◆ **TASK BRIEF**: Produce a verbatim copy of the data below that contains no pictures.

[Stored data entries]
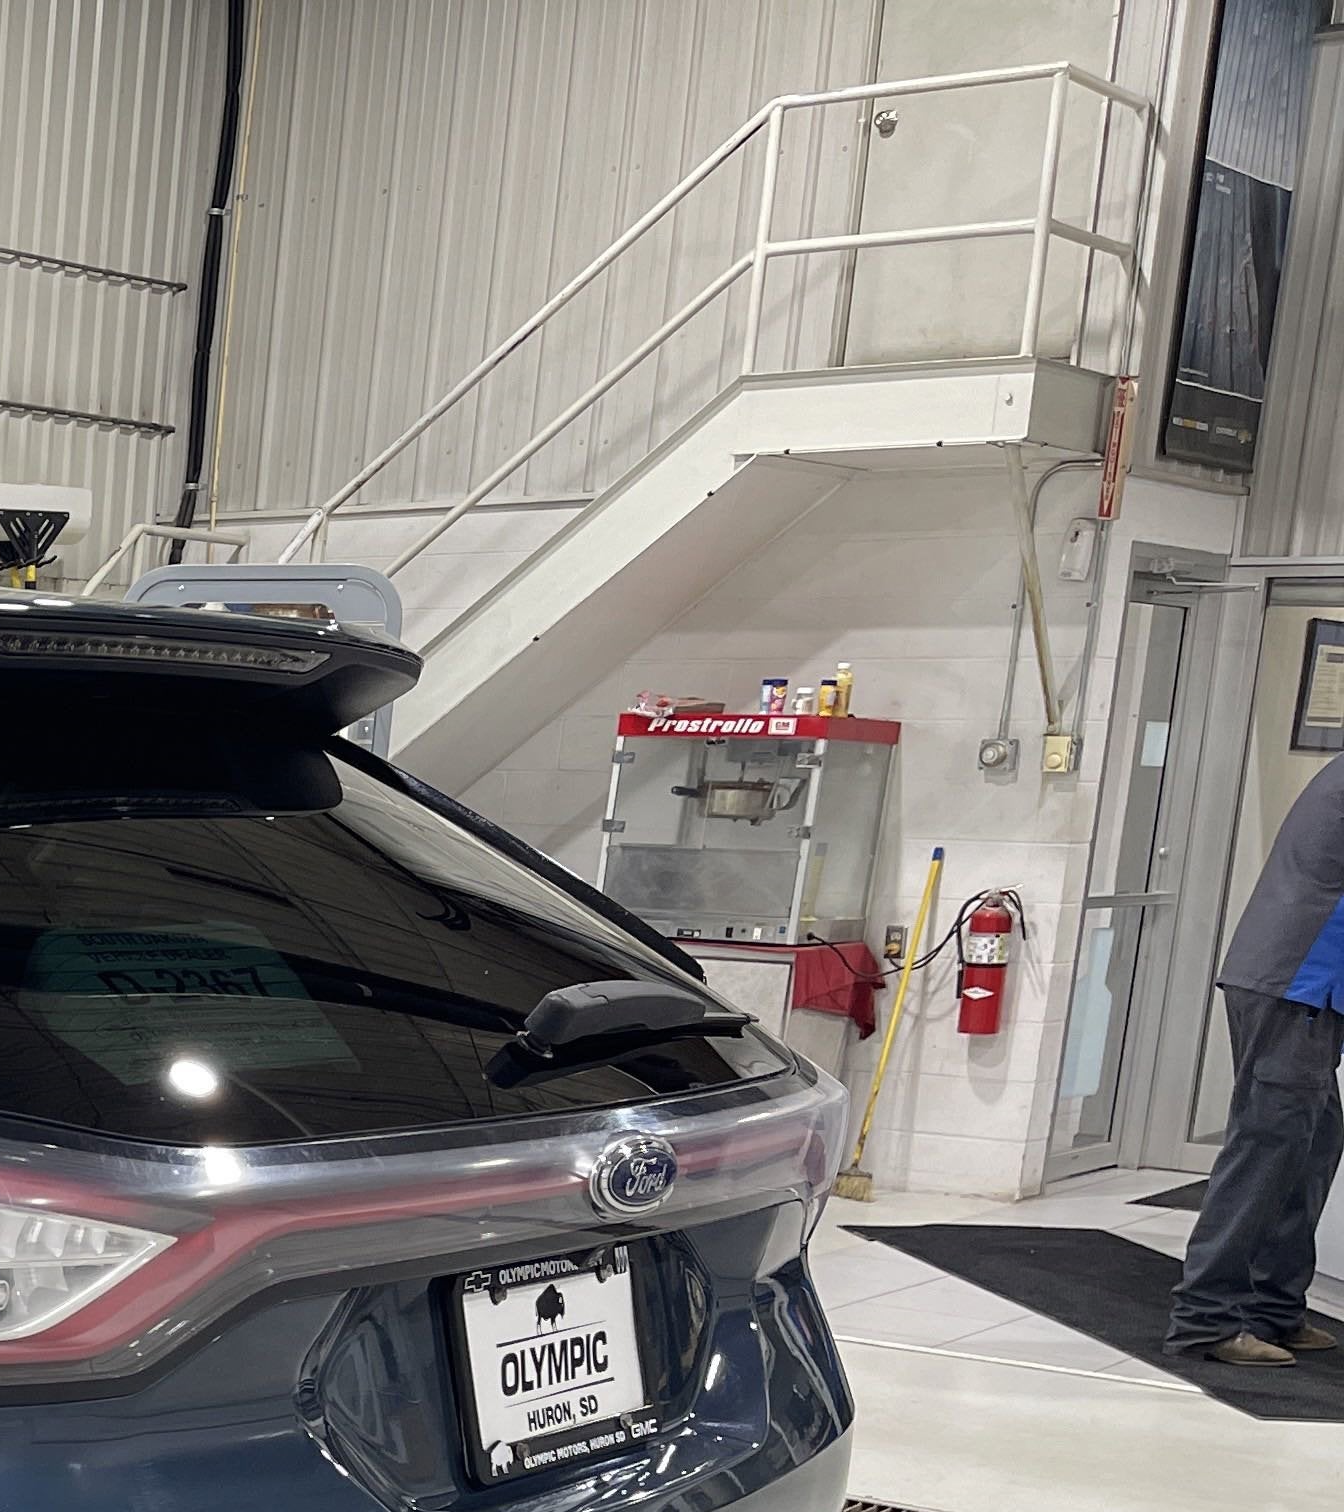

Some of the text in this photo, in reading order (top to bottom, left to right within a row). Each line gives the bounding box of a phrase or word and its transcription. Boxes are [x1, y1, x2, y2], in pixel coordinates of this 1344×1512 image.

[647, 717, 765, 734] Prostrollo
[625, 1156, 668, 1197] Ford
[501, 1330, 608, 1397] OLYMPIC
[527, 1394, 599, 1432] HURON, SD
[630, 1418, 658, 1438] GMC
[523, 1430, 626, 1469] OLYMPIC MOTORS, HURON SD
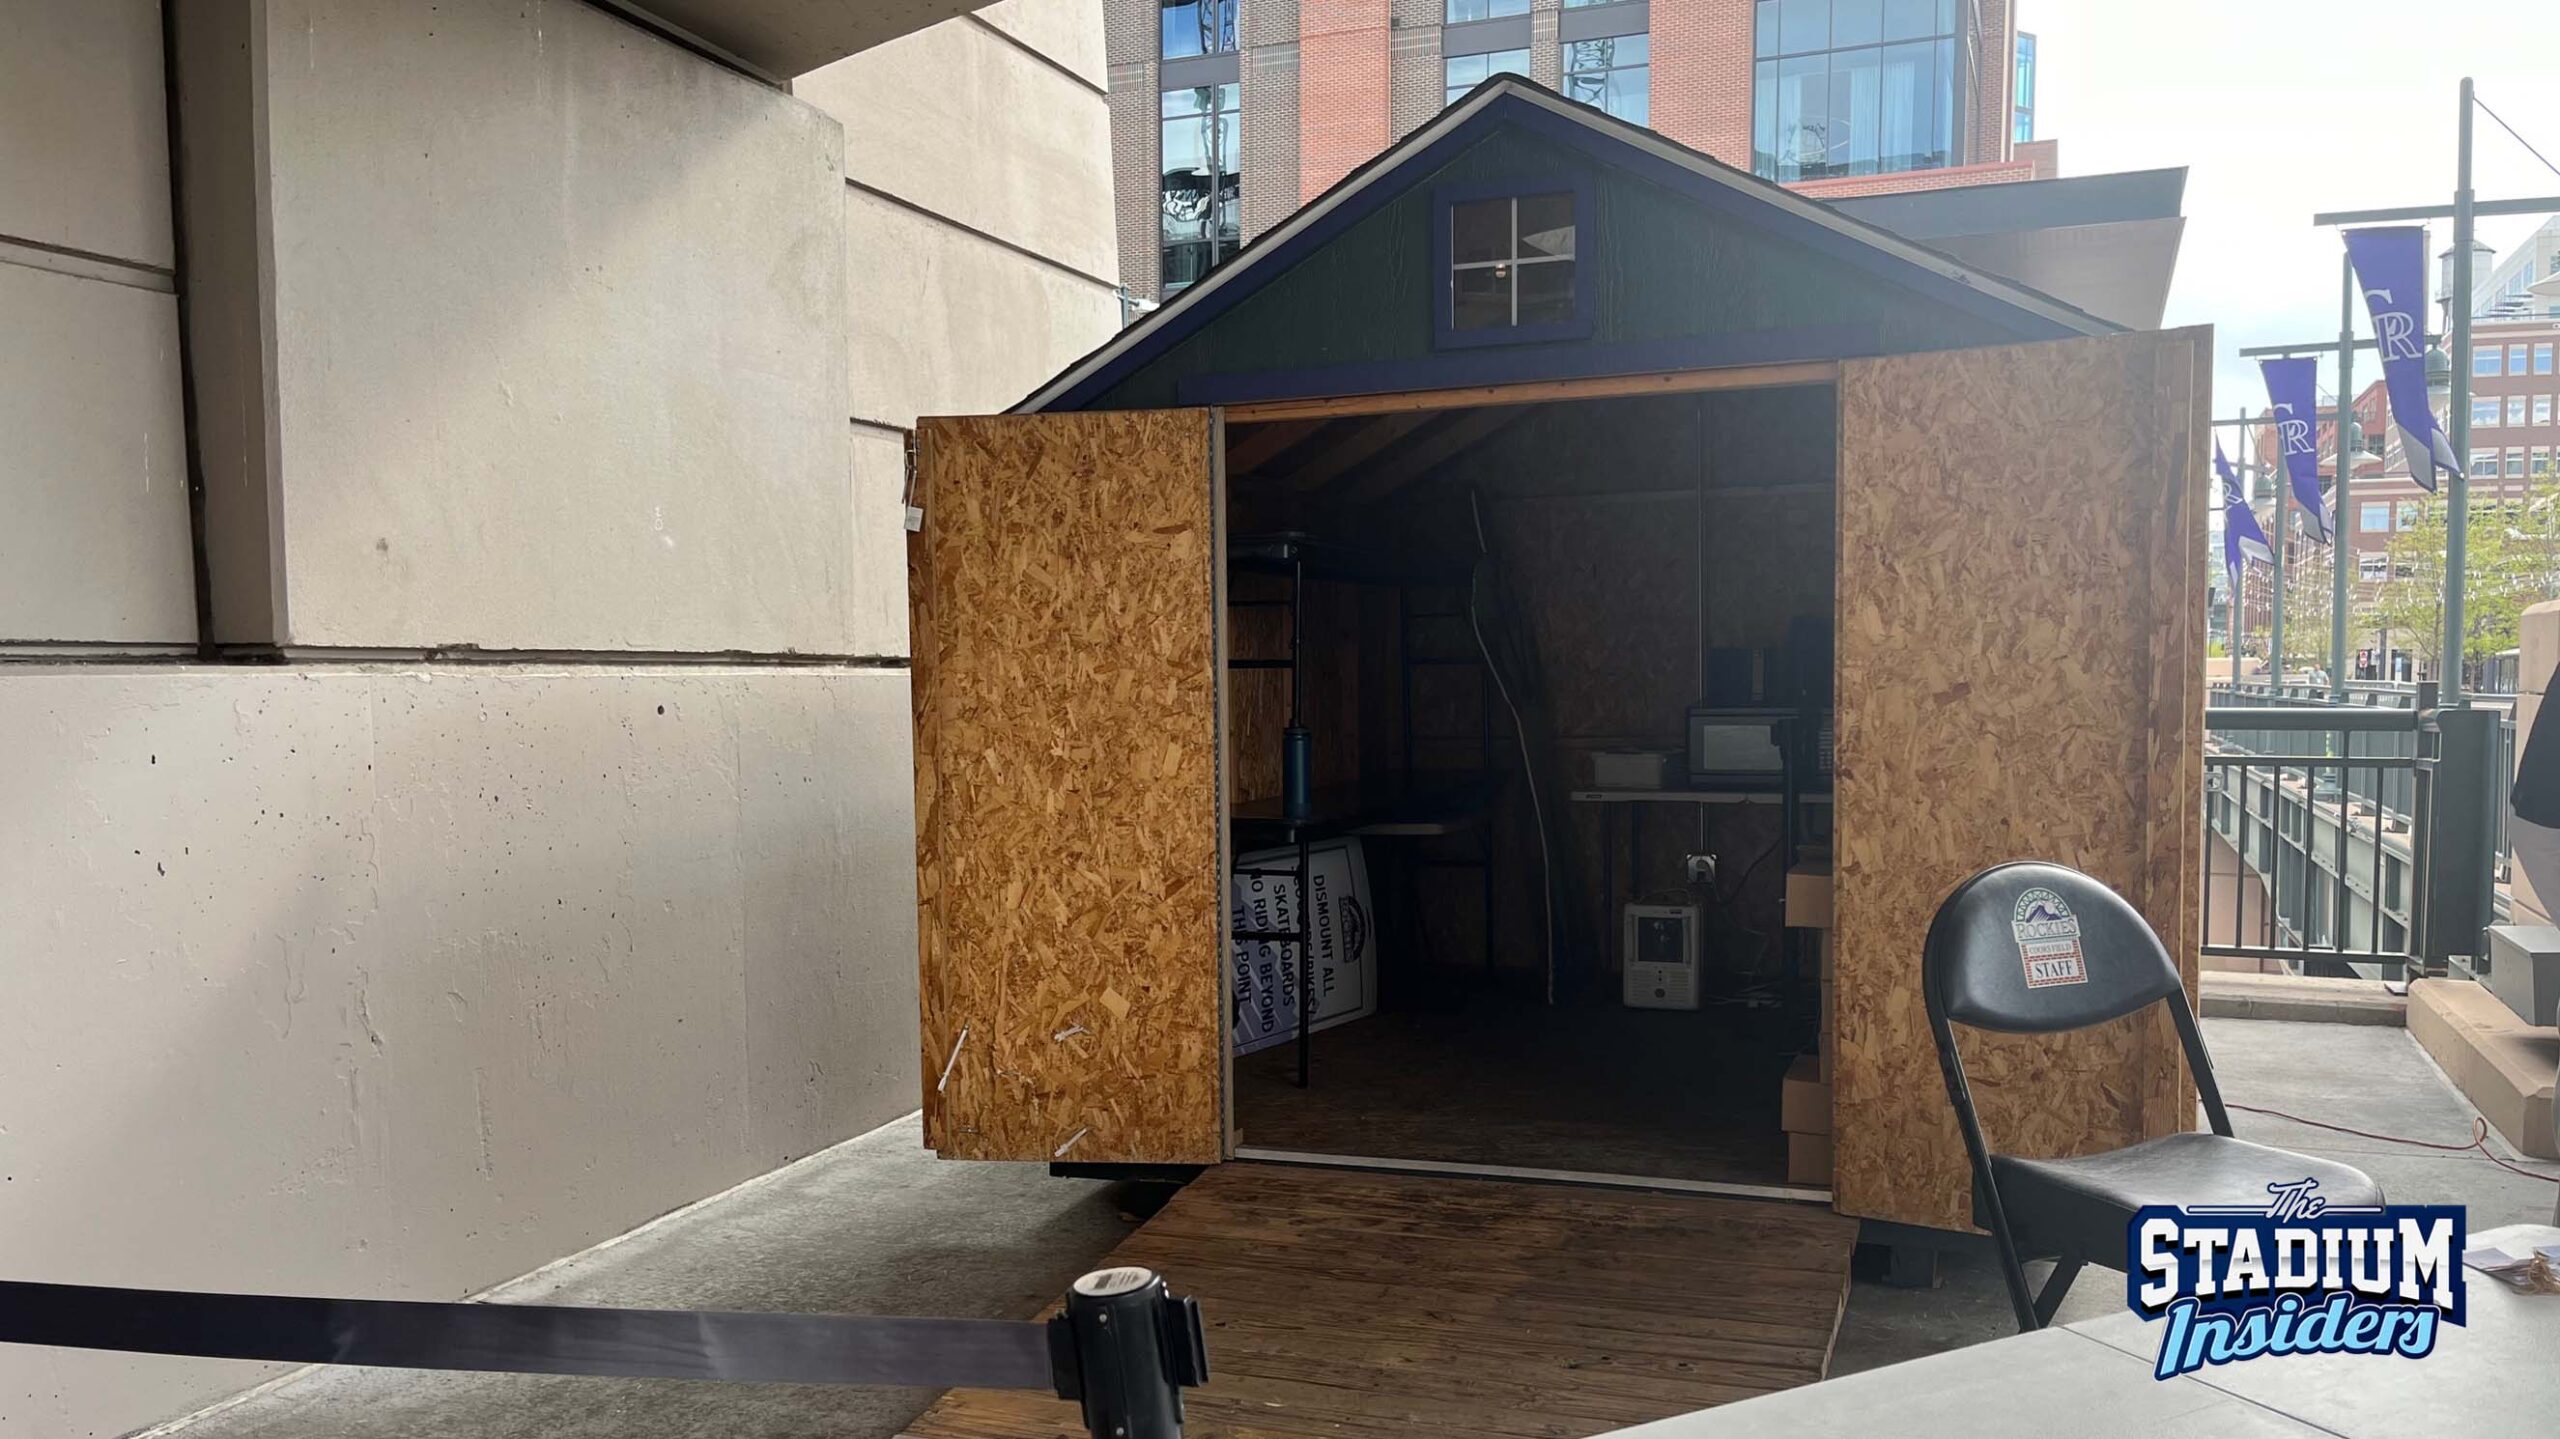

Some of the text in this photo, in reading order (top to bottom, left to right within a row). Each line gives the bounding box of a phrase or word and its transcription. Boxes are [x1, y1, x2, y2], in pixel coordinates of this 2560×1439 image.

[1273, 884, 1295, 1007] SKATEBOARDS
[1313, 875, 1335, 997] DISMOUNT ALL
[2015, 918, 2076, 939] ROCKIES
[1236, 951, 1252, 1003] POINT
[1259, 962, 1275, 1033] BEYOND
[2035, 960, 2073, 979] STAFF
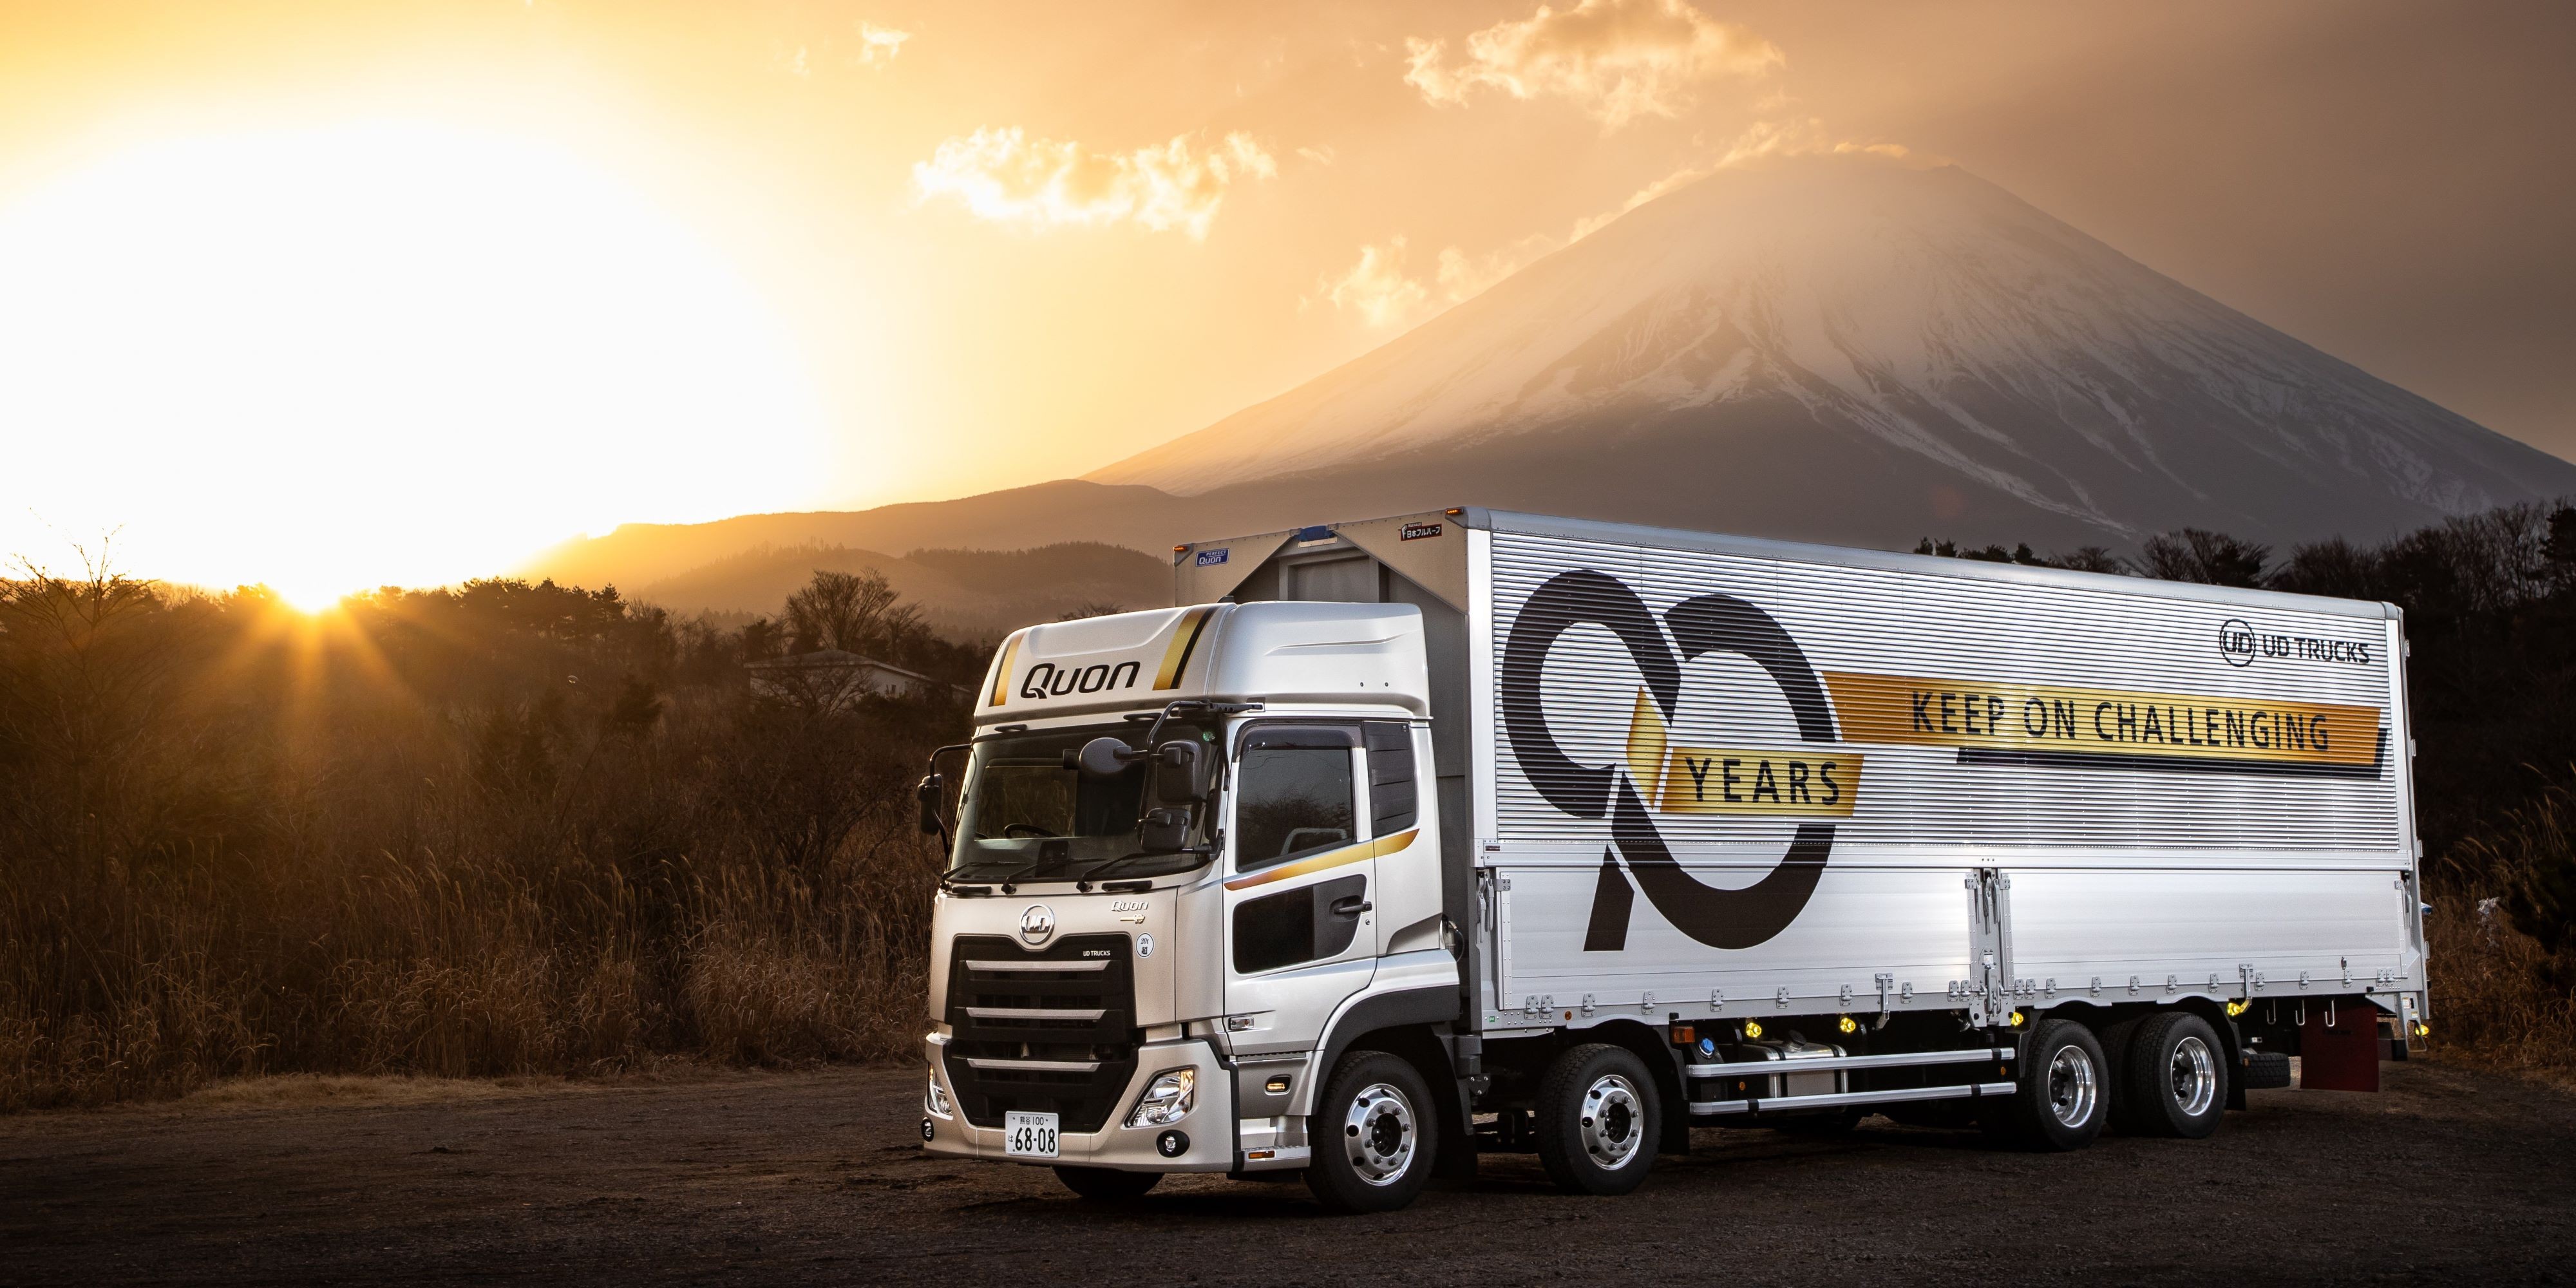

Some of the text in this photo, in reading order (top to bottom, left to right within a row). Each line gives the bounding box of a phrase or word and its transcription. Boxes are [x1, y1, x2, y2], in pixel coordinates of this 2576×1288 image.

[1406, 526, 1441, 538] 日本フルハーフ
[1199, 556, 1222, 565] Quon
[2223, 631, 2253, 654] UD
[2263, 634, 2371, 663] UD TRUCKS
[1913, 691, 2329, 752] KEEP ON CHALLENGING
[1501, 569, 1837, 952] 90
[1685, 757, 1840, 806] YEARS
[1021, 915, 1050, 934] UD
[1019, 1116, 1044, 1126] 熊谷 100
[1015, 1127, 1056, 1153] 68-08

◆ **ANSWER AREA**:
Some of the text in this photo, in reading order (top to bottom, left to right within a row). Each line gives the bounding box of a phrase or word and its transcription. Boxes are [x1, y1, x2, y2], in pixel coordinates of this 1344×1512 image.

[647, 717, 765, 734] Prostrollo
[625, 1156, 668, 1197] Ford
[501, 1330, 608, 1397] OLYMPIC
[527, 1394, 599, 1432] HURON, SD
[630, 1418, 658, 1438] GMC
[523, 1430, 626, 1469] OLYMPIC MOTORS, HURON SD

Some of the text in this photo, in reading order (top to bottom, left to right within a row). Each line gives the bounding box of a phrase or word and its transcription. Boxes are [x1, y1, x2, y2], in pixel coordinates of this 2560×1439 image.

[1273, 884, 1295, 1007] SKATEBOARDS
[1313, 875, 1335, 997] DISMOUNT ALL
[2015, 918, 2076, 939] ROCKIES
[1236, 951, 1252, 1003] POINT
[1259, 962, 1275, 1033] BEYOND
[2035, 960, 2073, 979] STAFF

Some of the text in this photo, in reading order (top to bottom, left to right within a row). Each line gives the bounding box of a phrase or word and its transcription. Boxes are [x1, y1, x2, y2], in pixel coordinates of this 2576×1288 image.

[1406, 526, 1441, 538] 日本フルハーフ
[1199, 556, 1222, 565] Quon
[2223, 631, 2253, 654] UD
[2263, 634, 2371, 663] UD TRUCKS
[1913, 691, 2329, 752] KEEP ON CHALLENGING
[1501, 569, 1837, 952] 90
[1685, 757, 1840, 806] YEARS
[1021, 915, 1050, 934] UD
[1019, 1116, 1044, 1126] 熊谷 100
[1015, 1127, 1056, 1153] 68-08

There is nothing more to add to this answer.